_The data_:

************

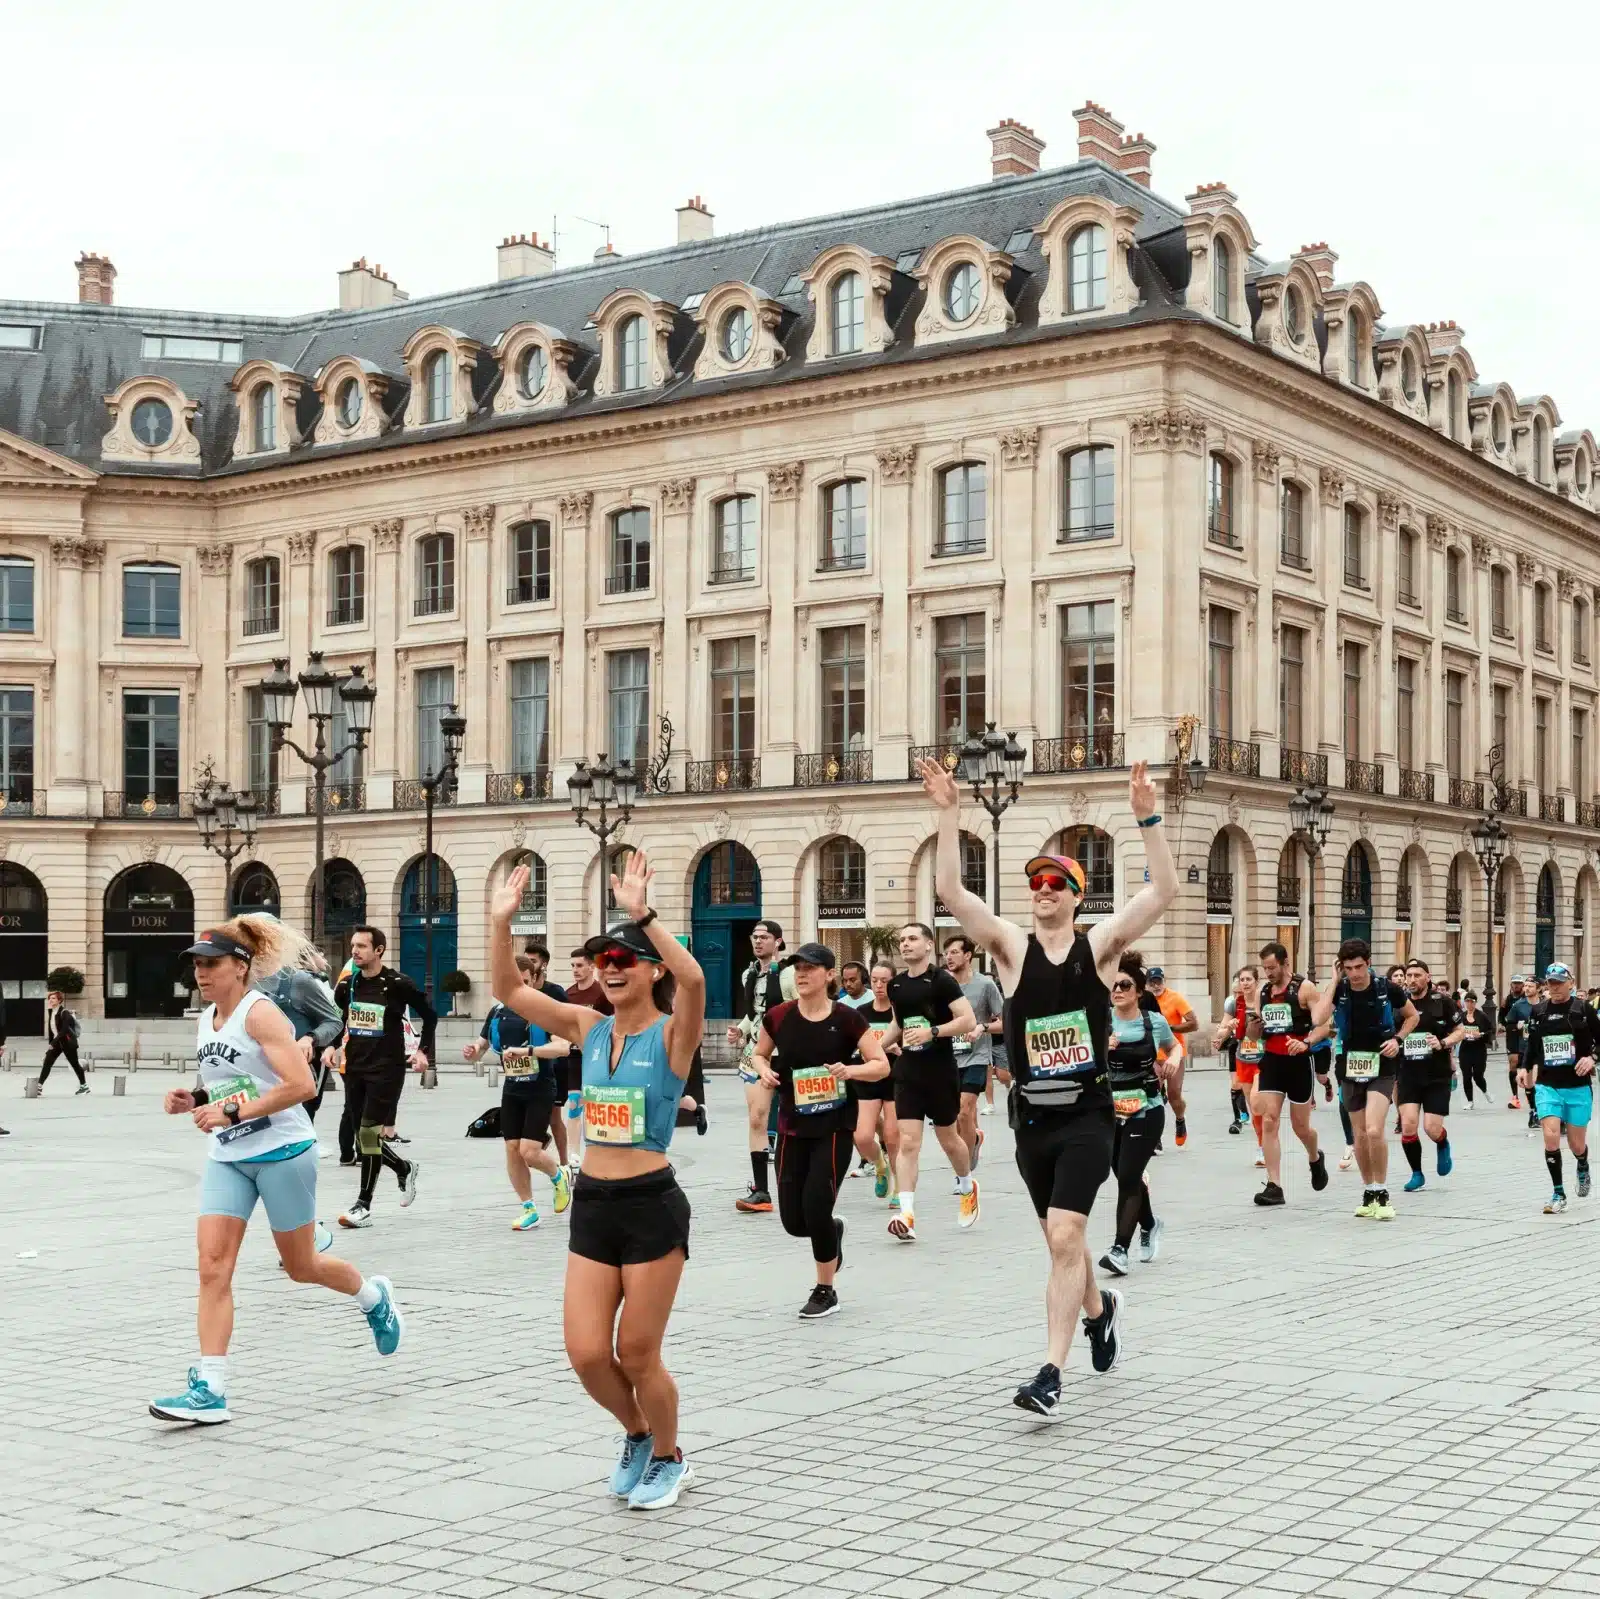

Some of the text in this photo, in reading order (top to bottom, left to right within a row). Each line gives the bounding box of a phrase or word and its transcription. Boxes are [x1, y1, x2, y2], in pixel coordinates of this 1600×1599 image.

[819, 907, 866, 915] LOUIS VUITTON
[1083, 901, 1114, 909] VUITTON
[131, 915, 168, 927] DIOR
[351, 1010, 376, 1022] 51383
[1034, 1014, 1074, 1028] Schneider
[1265, 1010, 1286, 1021] 52772
[1031, 1027, 1077, 1052] 49072
[197, 1041, 242, 1065] HOENIX
[1544, 1041, 1570, 1054] 38290
[506, 1056, 530, 1069] 51296
[1040, 1046, 1090, 1068] DAVID
[1348, 1059, 1373, 1070] 52601
[589, 1085, 628, 1097] Schneider
[796, 1075, 837, 1095] 69581
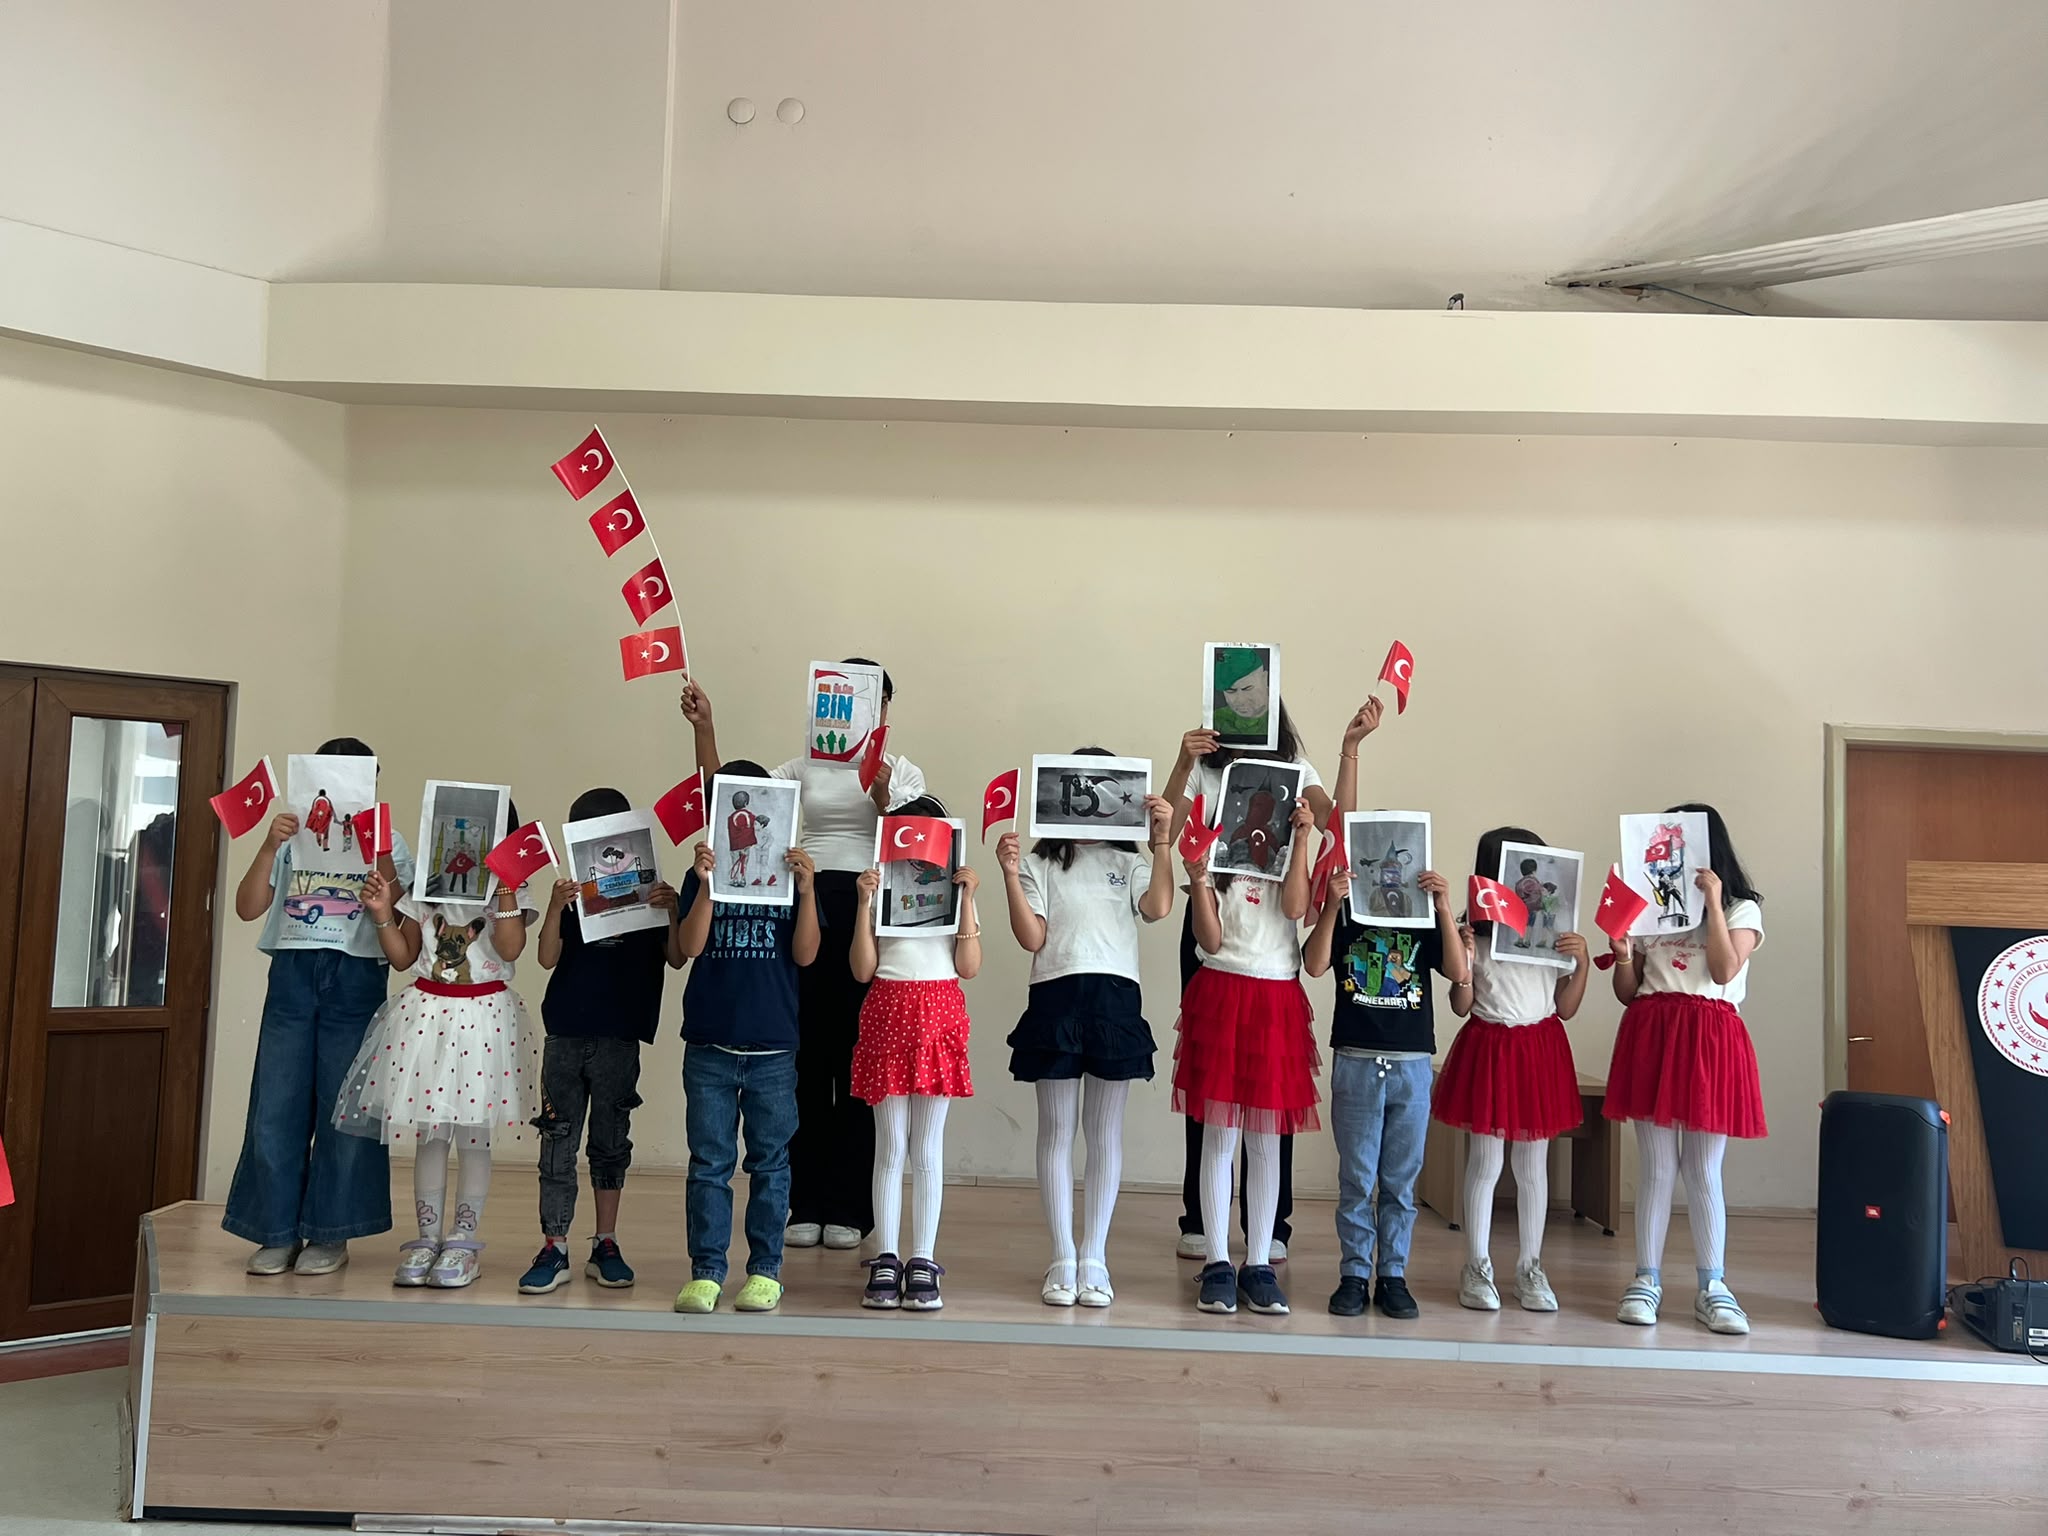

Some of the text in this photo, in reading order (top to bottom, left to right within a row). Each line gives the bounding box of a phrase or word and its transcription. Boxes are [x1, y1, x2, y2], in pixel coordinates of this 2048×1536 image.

[815, 693, 853, 722] BİN
[1060, 774, 1100, 817] 15
[604, 879, 633, 890] TEMMUZ
[713, 903, 791, 919] UMMER
[714, 919, 776, 948] VIBES
[481, 960, 502, 973] Day
[1352, 992, 1408, 1010] MINECRAFT

************

_Activity_: Everything in the listing above except the pictures should be duplicated exactly.

_Your solution_:
Some of the text in this photo, in reading order (top to bottom, left to right within a row). Each line gives the bounding box of a phrase or word and its transcription. Boxes are [x1, y1, x2, y2], in pixel coordinates of this 1600×1599 image.

[819, 907, 866, 915] LOUIS VUITTON
[1083, 901, 1114, 909] VUITTON
[131, 915, 168, 927] DIOR
[351, 1010, 376, 1022] 51383
[1034, 1014, 1074, 1028] Schneider
[1265, 1010, 1286, 1021] 52772
[1031, 1027, 1077, 1052] 49072
[197, 1041, 242, 1065] HOENIX
[1544, 1041, 1570, 1054] 38290
[506, 1056, 530, 1069] 51296
[1040, 1046, 1090, 1068] DAVID
[1348, 1059, 1373, 1070] 52601
[589, 1085, 628, 1097] Schneider
[796, 1075, 837, 1095] 69581

Some of the text in this photo, in reading order (top to bottom, left to right within a row). Each line gives the bounding box of a phrase or word and its transcription. Boxes are [x1, y1, x2, y2], in pixel coordinates of this 2048×1536 image.

[815, 693, 853, 722] BİN
[1060, 774, 1100, 817] 15
[604, 879, 633, 890] TEMMUZ
[713, 903, 791, 919] UMMER
[714, 919, 776, 948] VIBES
[481, 960, 502, 973] Day
[1352, 992, 1408, 1010] MINECRAFT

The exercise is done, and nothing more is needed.